REQUIRED ACTION: Every record below should be retyped exactly, and no picture should appear in the copy.
-- RECORD SET follows --
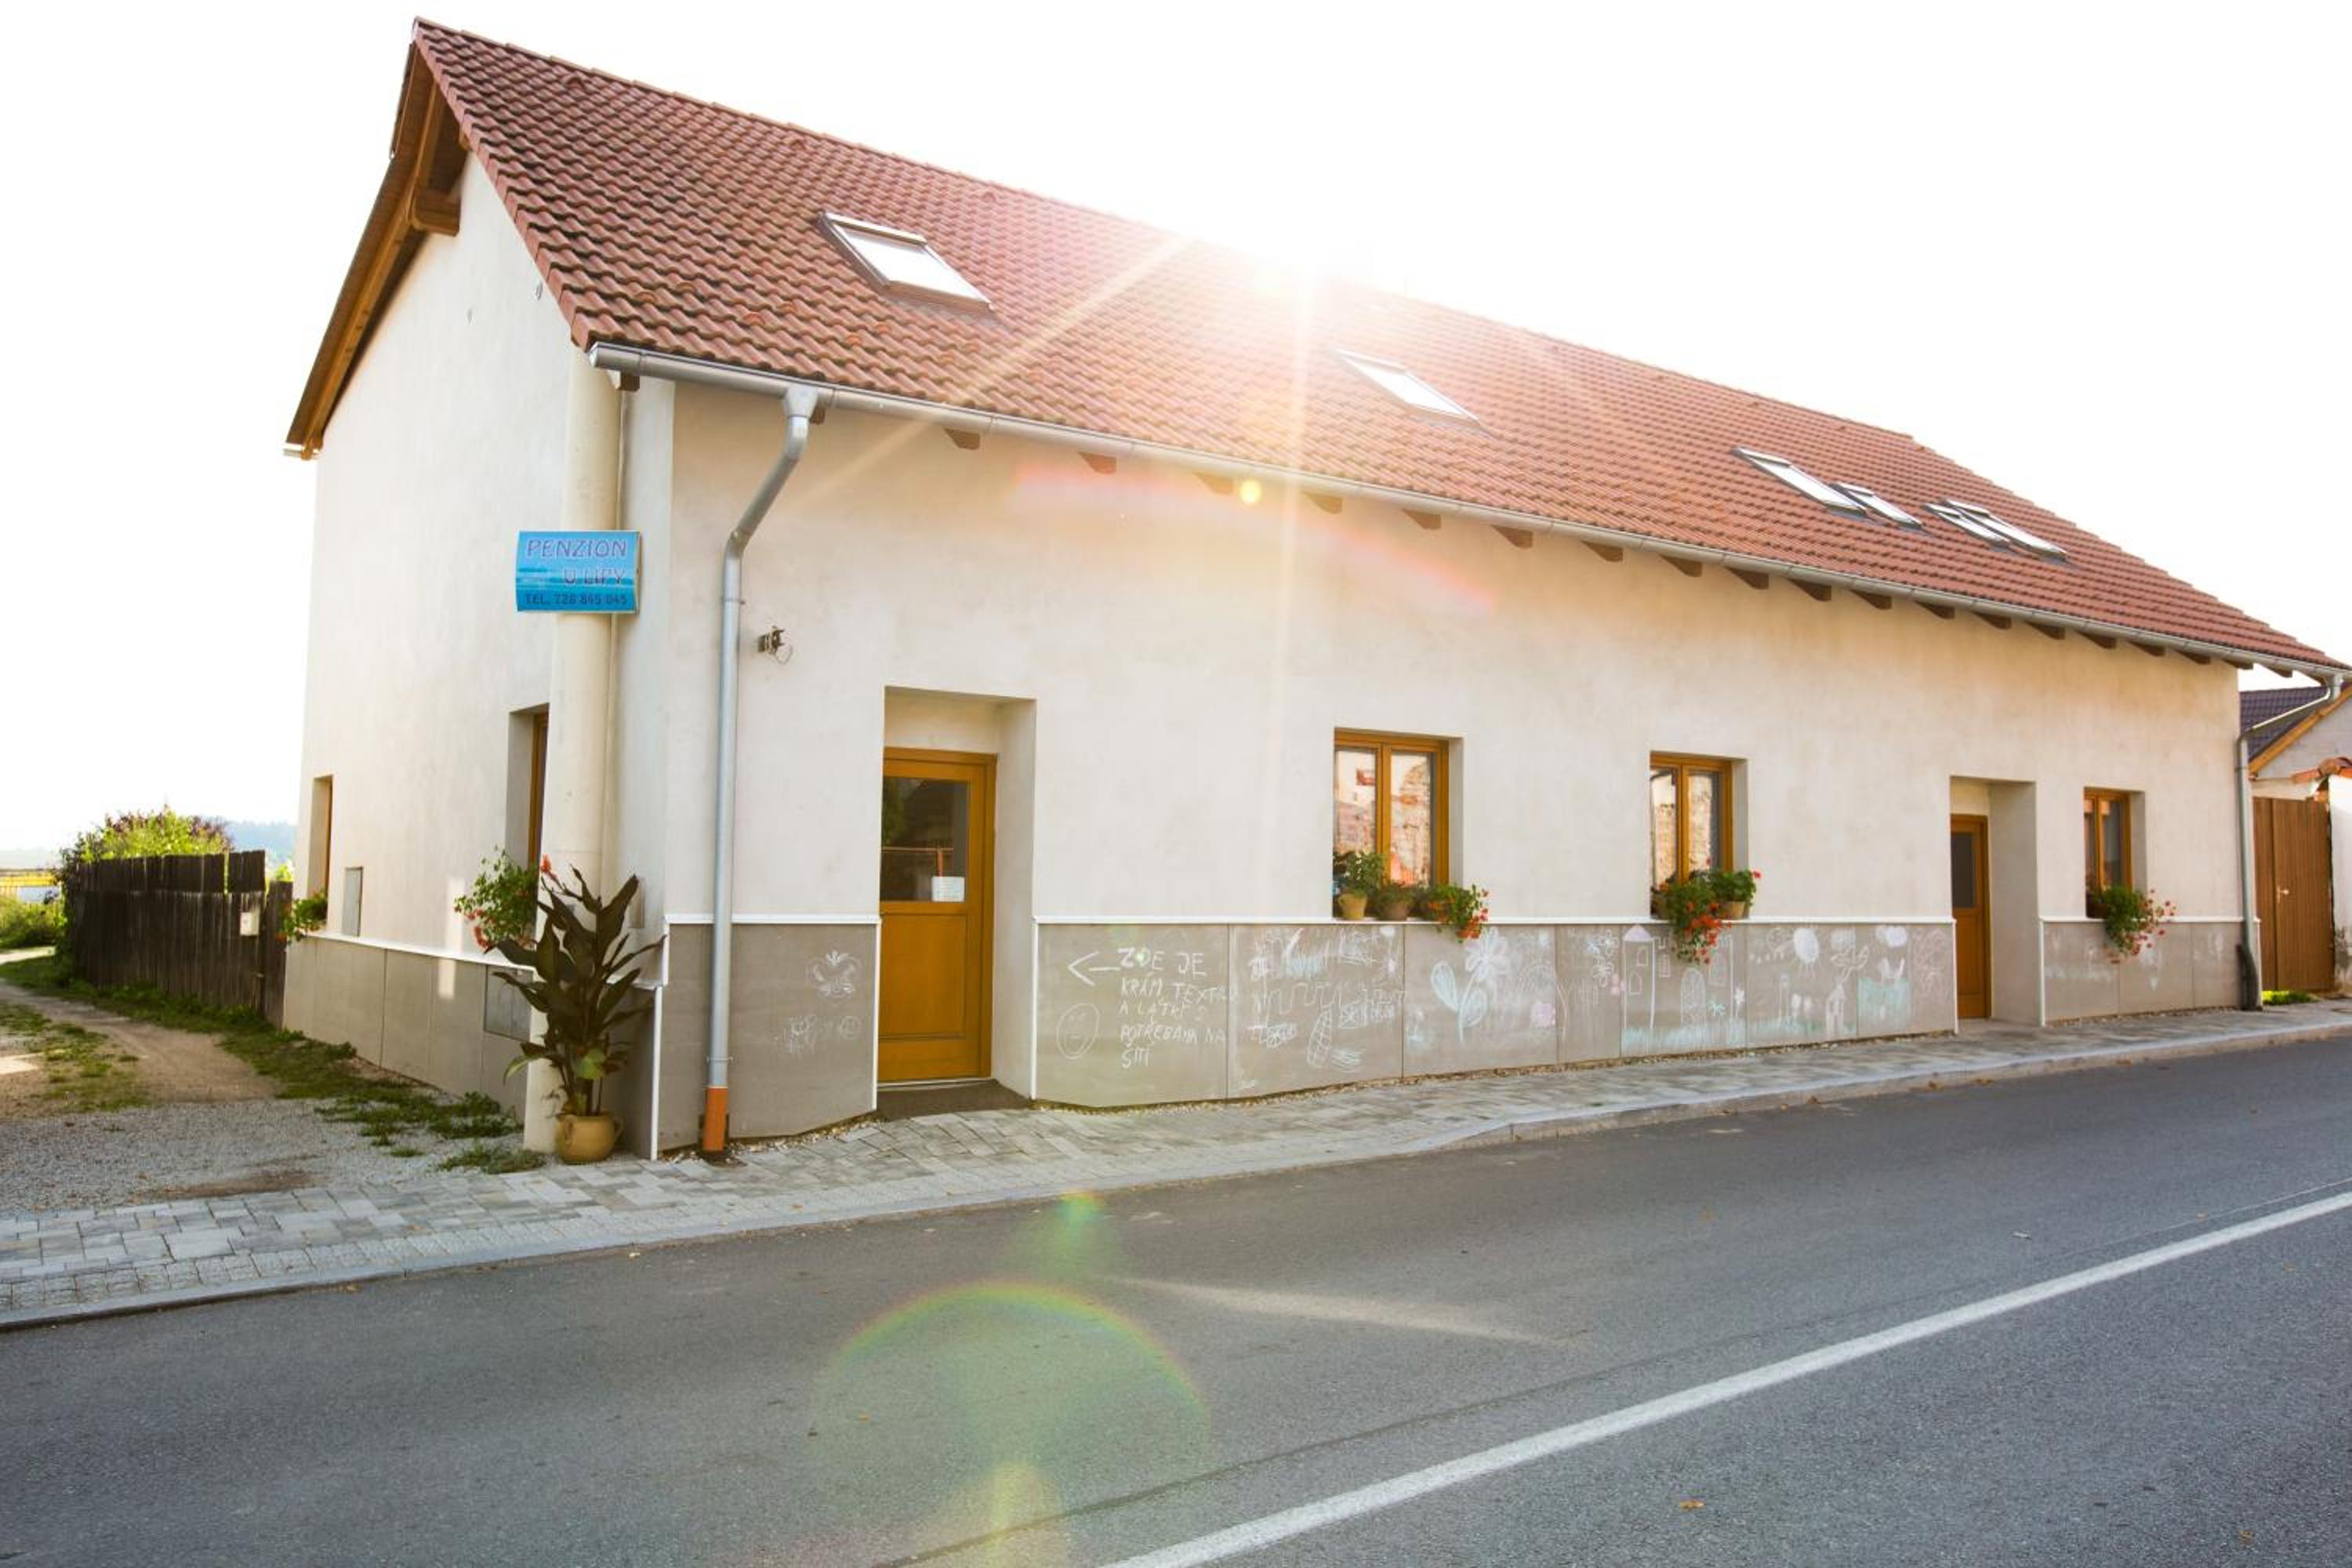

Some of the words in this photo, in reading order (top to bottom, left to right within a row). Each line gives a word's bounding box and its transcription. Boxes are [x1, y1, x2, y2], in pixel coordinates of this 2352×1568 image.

[527, 539, 626, 557] PENZION
[564, 568, 576, 584] U
[526, 593, 550, 604] TEL.
[1176, 951, 1207, 978] JE
[1118, 999, 1129, 1015] A
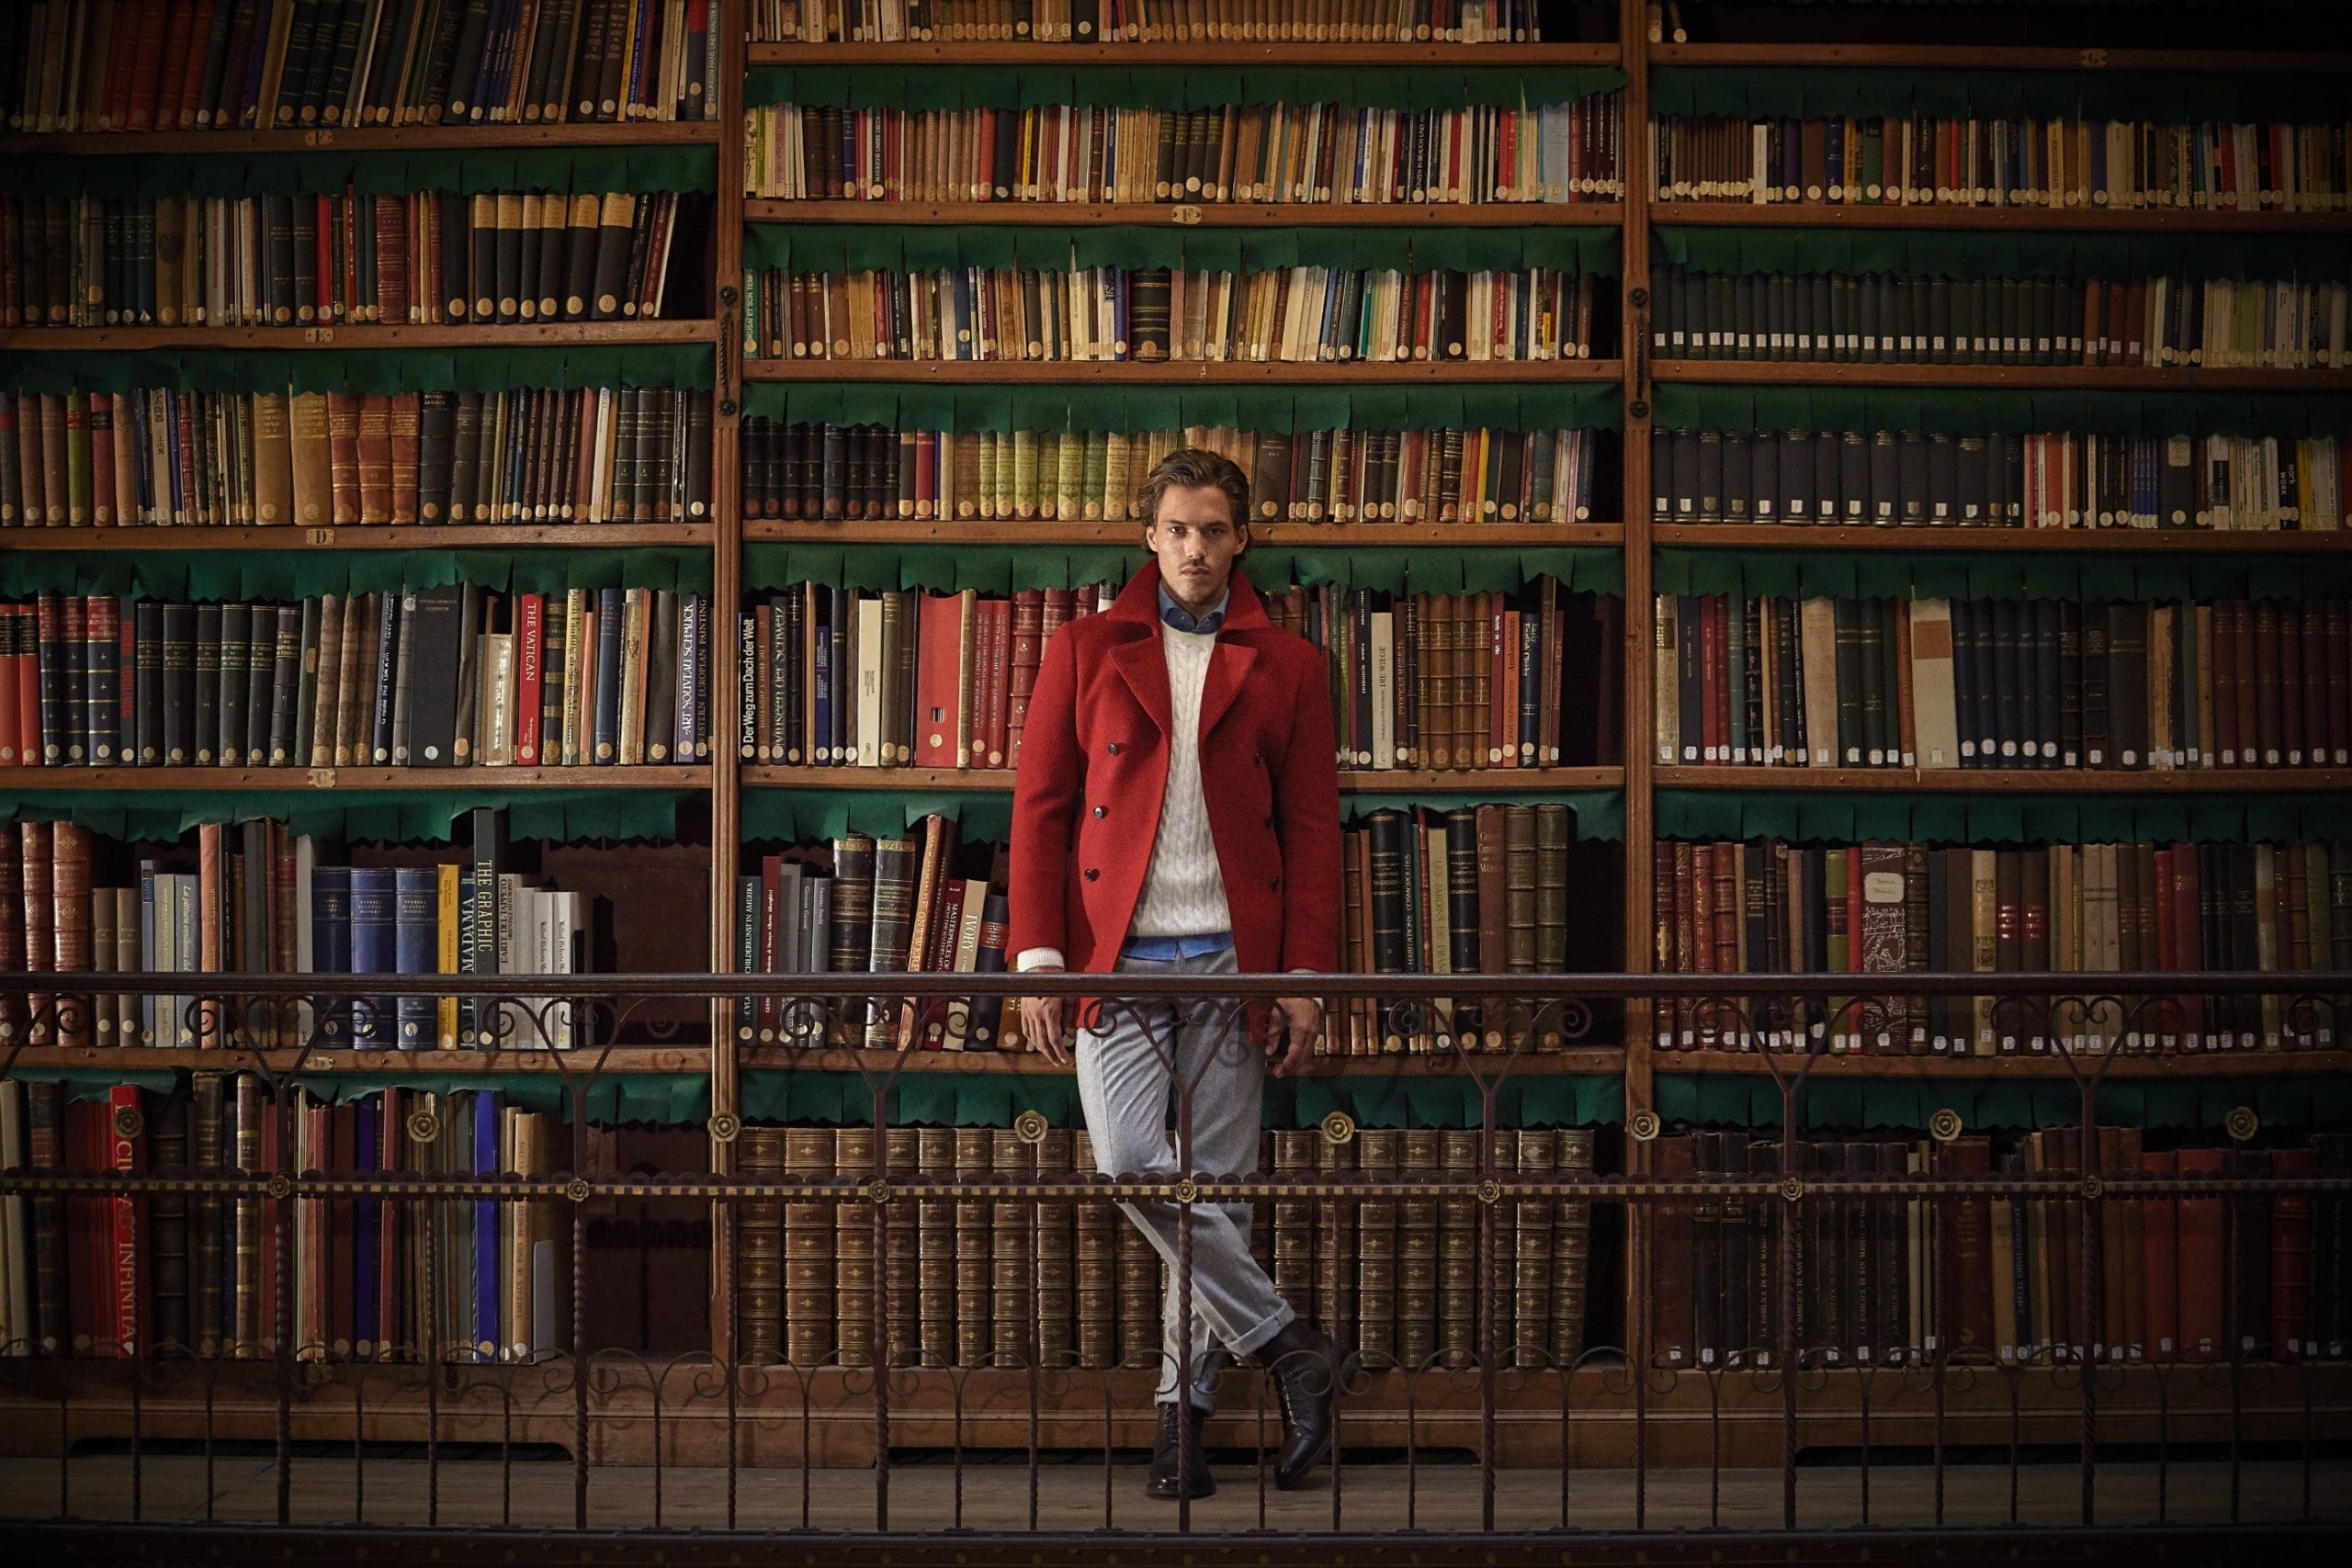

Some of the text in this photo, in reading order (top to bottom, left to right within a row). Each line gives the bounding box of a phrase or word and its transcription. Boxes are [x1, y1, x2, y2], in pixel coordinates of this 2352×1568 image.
-- RECORD SET concluded --
FINISHED TASK:
Some of the words in this photo, in reading order (top to bottom, left to right within a row). Each line gives a word's bounding box and its transcription. Boxes are [x1, y1, x2, y2], in pixel coordinates of this 2352×1568 image.

[527, 539, 626, 557] PENZION
[564, 568, 576, 584] U
[526, 593, 550, 604] TEL.
[1176, 951, 1207, 978] JE
[1118, 999, 1129, 1015] A

Some of the text in this photo, in reading order (top to bottom, left to right within a row). Each line gives the bounding box of a phrase or word and its transcription. Boxes are [x1, y1, x2, y2], in pixel coordinates of this 2352×1568 image.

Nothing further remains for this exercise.